[Assigned task]:
Print every entry below again exactly as written, skipping the pictures.

[Collected data]:
━━━━━━━━━━

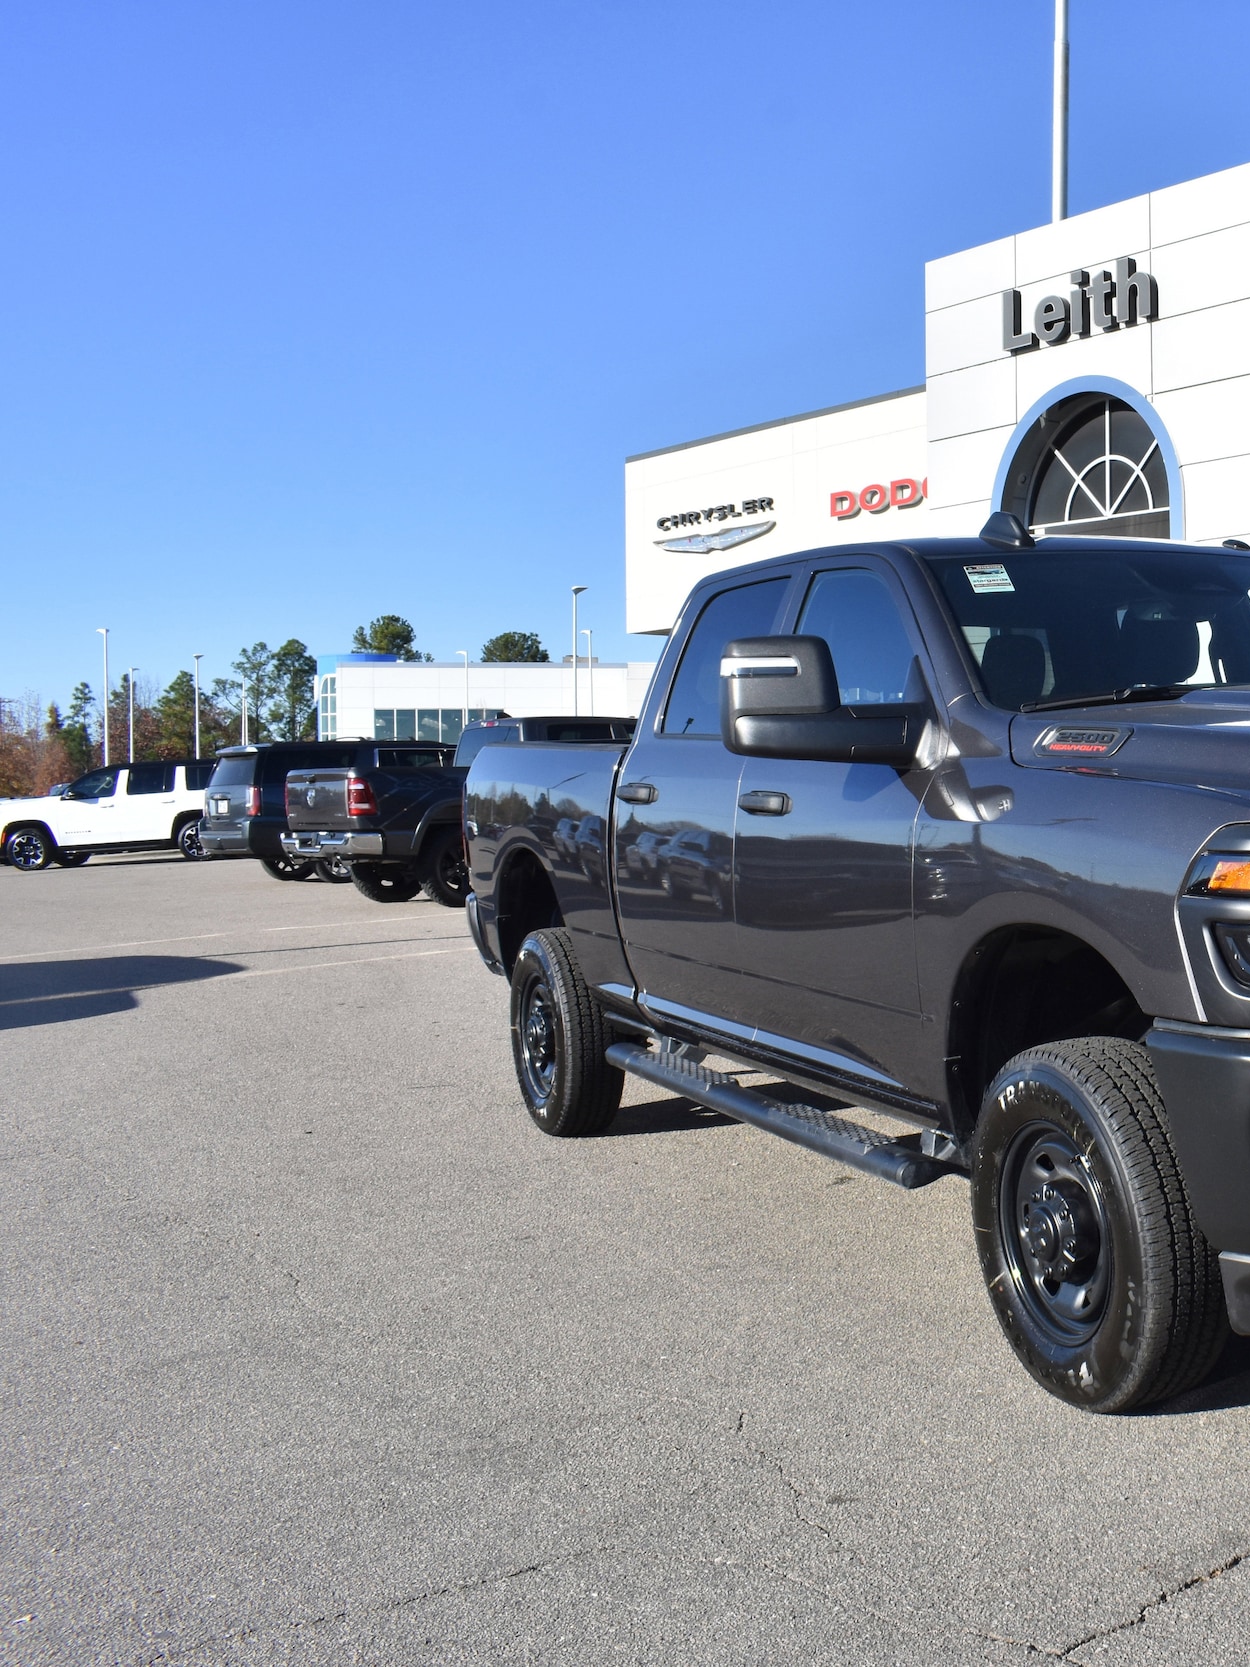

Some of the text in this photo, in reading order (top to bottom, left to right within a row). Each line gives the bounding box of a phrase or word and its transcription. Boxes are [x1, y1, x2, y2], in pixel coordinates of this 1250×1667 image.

[1003, 257, 1157, 354] Leith
[657, 497, 774, 531] CHRYSLER
[830, 478, 928, 520] DOD
[1056, 731, 1116, 743] 2500

━━━━━━━━━━

[Exercise response]:
Some of the text in this photo, in reading order (top to bottom, left to right within a row). Each line gives the bounding box of a phrase or word and its transcription. Boxes are [x1, y1, x2, y2], in pixel coordinates of this 1250×1667 image.

[1003, 257, 1157, 354] Leith
[657, 497, 774, 531] CHRYSLER
[830, 478, 928, 520] DOD
[1056, 731, 1116, 743] 2500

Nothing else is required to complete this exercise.